After a strong second half of 2019, what does 2020 have in store for buyers and investors in the commercial property market?

Increased lending activity having a positive impact

Early in 2019 we saw tightened lending conditions have a significant impact on commercial property.

While investors were still active, where previously they might have been in the $8 million price range, for example, in 2019 the banks pulled them back into the $6 million range.

This saw increased competition at lower price points, and caused some vendors to withdraw while awaiting an improvement in conditions.

Now, as the banks become more willing to lend, we’re already seeing dramatic changes.

APRA data shows a 13.8% increase in bank lending into the investor market, and with this greater flow of capital will come an uptick in both stock and sales.

Quality on the rise

If the first half of 2019 was characterised by a lack of premium stock, in the back half of the year we witnessed higher quality holdings being brought to market.

I see this continuing into 2020, with an increase in the number of blue-chip opportunities being made available to investors.

Due to an undersupply of the best stock, we’re seeing pent-up investor demand, and this, coupled with better access to funds, bodes well for a very strong year.

Blue-chip retail tenants to the fore

Headwinds in the retail industry have been well-documented, and with the retail environment continuing to change, investors are savvy about considering the tenant caliber when making their decision.

When purchasing a property they are effectively partnering with the tenant, so they’re looking for quality retail tenants, as well as a demonstrated intention from the retail brand to innovate and seek out opportunities to be profitable in a changing market.

With this as a backdrop, we’re seeing outstanding results for the best retail properties offered through our Portfolio Auctions.

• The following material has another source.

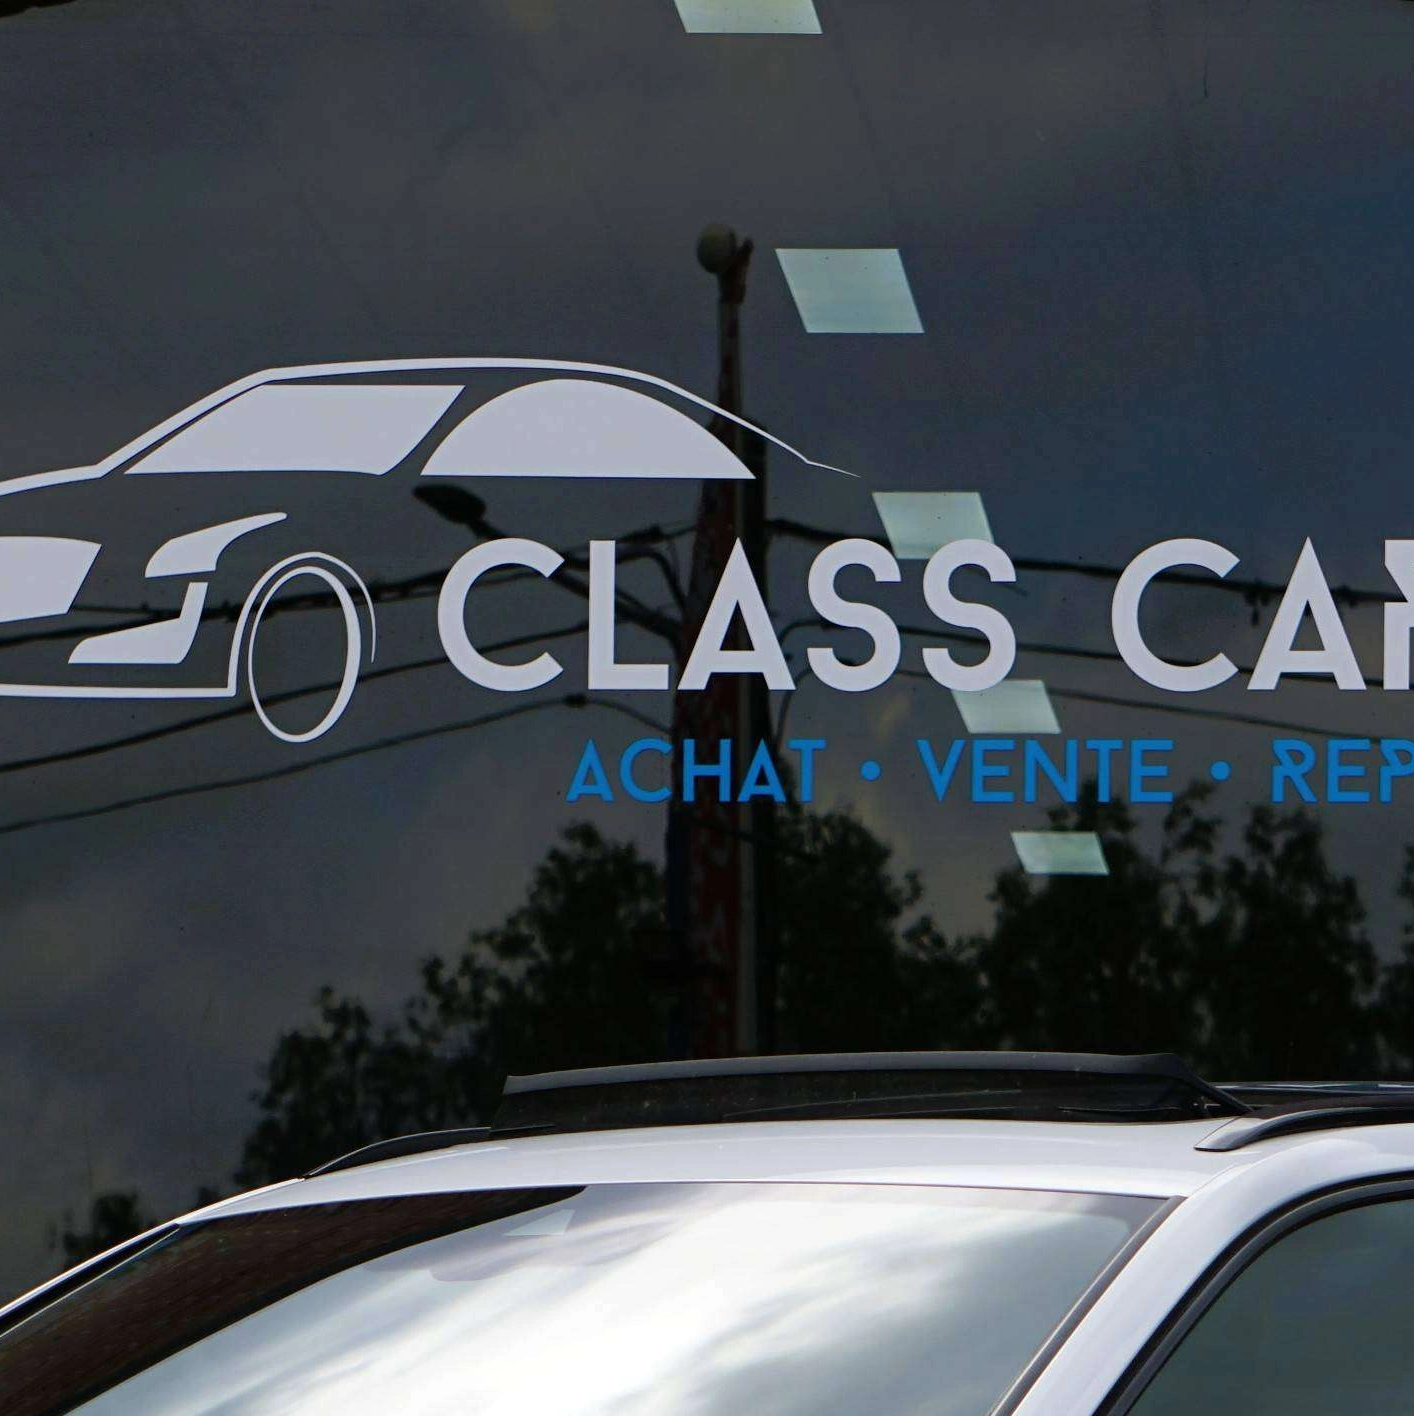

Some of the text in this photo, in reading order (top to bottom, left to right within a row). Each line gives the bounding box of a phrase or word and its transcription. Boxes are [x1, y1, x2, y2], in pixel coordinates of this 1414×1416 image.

[437, 537, 1017, 692] CLASS
[567, 738, 826, 804] ACHAT
[916, 738, 1175, 804] VENTE

At our October Portfolio Auction we sold 15 properties leased to 7-Eleven, while other retail properties such as supermarkets and fast food outlets also continue to sell extremely well, proving that established, high-performing brands tend not to be affected by lower-level economic spending contractions.

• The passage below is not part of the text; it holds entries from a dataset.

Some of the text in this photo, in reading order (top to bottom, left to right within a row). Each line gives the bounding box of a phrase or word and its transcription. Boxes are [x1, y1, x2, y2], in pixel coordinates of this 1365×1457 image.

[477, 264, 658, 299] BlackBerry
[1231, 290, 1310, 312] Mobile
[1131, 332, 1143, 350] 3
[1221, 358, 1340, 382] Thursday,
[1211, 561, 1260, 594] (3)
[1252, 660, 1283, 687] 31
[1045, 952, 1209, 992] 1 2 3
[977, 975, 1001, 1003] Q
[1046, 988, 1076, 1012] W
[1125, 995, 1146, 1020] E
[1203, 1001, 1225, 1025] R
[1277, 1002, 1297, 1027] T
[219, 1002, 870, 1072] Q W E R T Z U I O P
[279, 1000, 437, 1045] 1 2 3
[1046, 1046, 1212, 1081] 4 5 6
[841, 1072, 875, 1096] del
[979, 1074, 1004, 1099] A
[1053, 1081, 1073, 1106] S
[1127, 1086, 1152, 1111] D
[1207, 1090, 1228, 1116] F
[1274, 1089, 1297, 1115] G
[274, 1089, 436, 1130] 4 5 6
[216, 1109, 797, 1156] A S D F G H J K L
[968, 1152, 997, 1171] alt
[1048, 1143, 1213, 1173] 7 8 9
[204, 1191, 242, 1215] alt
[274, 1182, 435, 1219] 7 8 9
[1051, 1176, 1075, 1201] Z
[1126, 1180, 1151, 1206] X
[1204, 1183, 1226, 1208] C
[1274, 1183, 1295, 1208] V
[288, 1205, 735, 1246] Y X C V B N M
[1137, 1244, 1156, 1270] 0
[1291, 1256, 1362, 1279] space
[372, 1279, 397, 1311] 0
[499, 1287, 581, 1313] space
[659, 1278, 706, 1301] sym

Commercial and residential

Residential property is beginning to boom again, and as prices increase the returns and yields that investors can expect to achieve will shrink.

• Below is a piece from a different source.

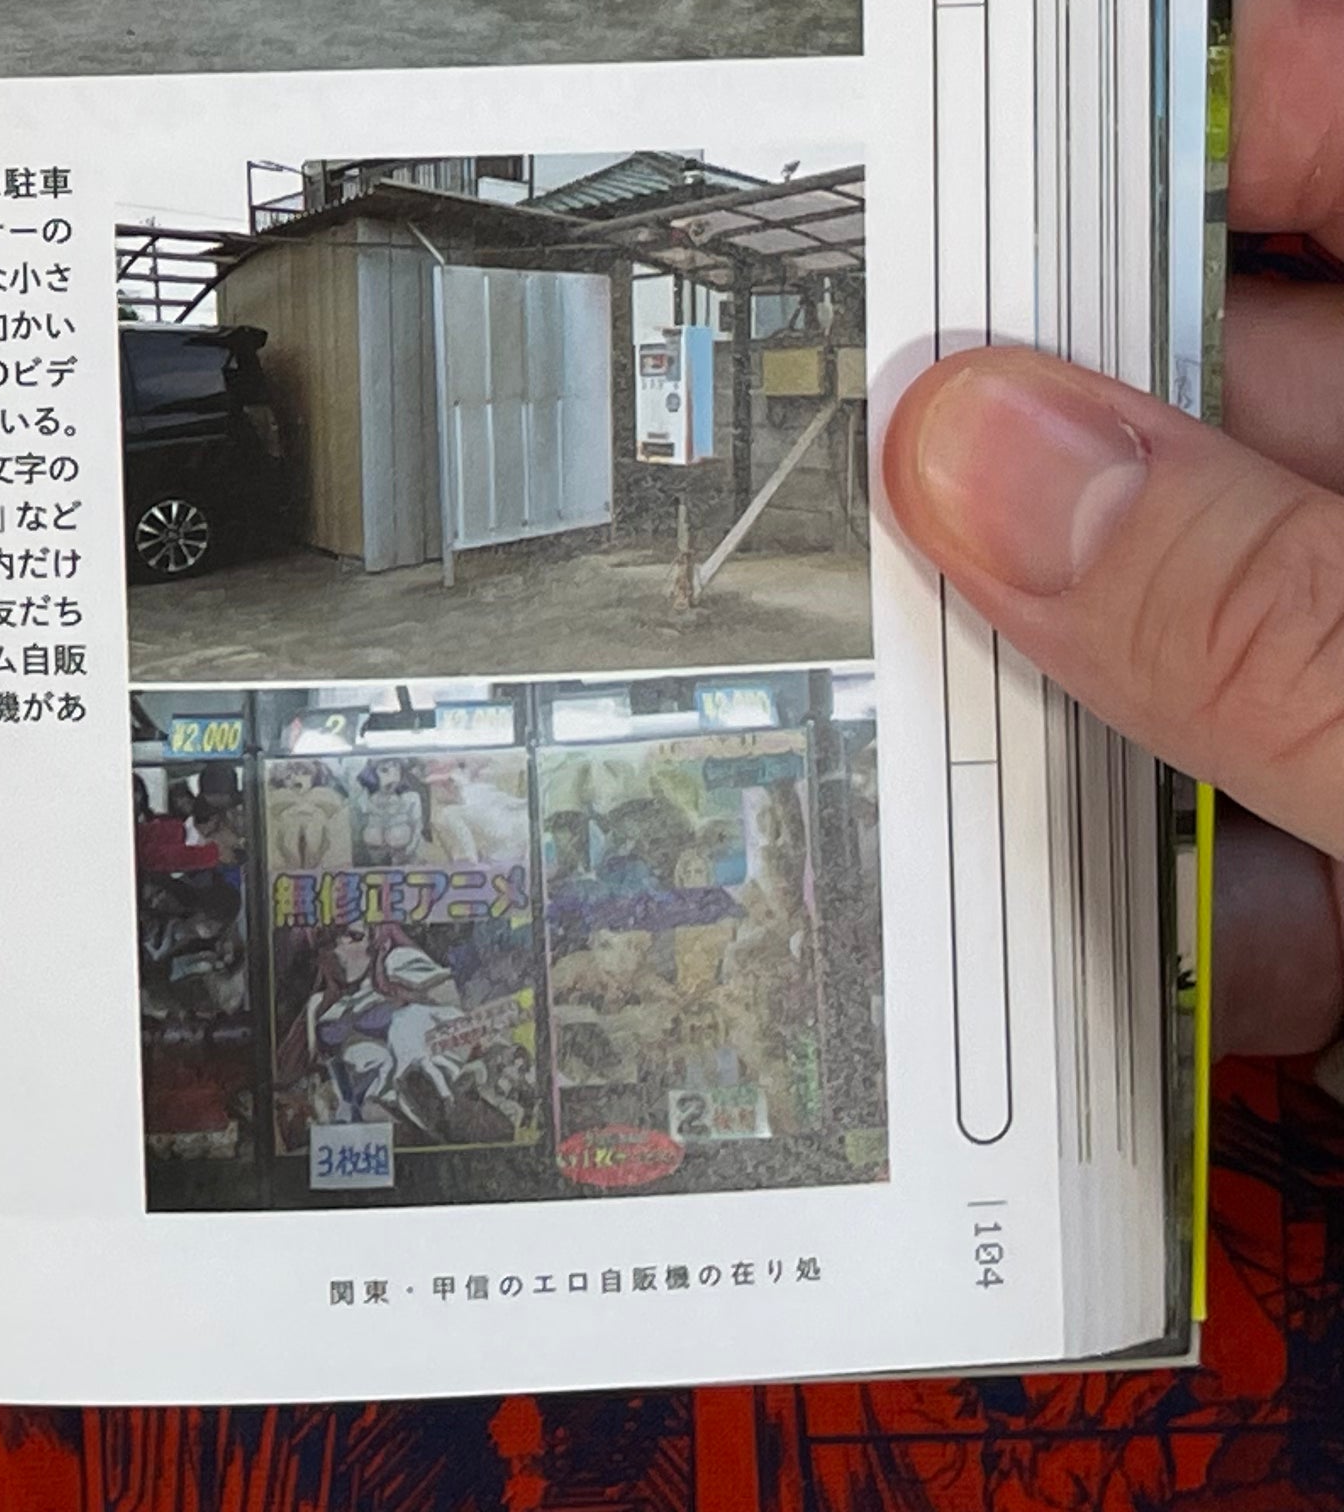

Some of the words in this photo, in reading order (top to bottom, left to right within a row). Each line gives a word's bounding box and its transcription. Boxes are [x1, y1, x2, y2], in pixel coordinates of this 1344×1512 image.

[317, 1144, 390, 1178] 3枚組
[974, 1221, 1004, 1289] 104
[330, 1256, 822, 1306] 関東・甲信のエロ自販機の在り処

Further, we’ve now had South Australia and the ACT abolish stamp duty on commercial property in order to drive investment, which we expect will lead to a swell of interest in these states.

This makes commercial property with its potentially higher returns a compelling option for investors.

A stable investment climate

With the Federal Election now well and truly behind us, we’re unlikely to see anywhere near the level of disruption the market experienced in 2019.

The likelihood of major changes to the property tax environment is very low, leading to greater certainty for both vendors and buyers and allowing them to enter the market with confidence in 2020.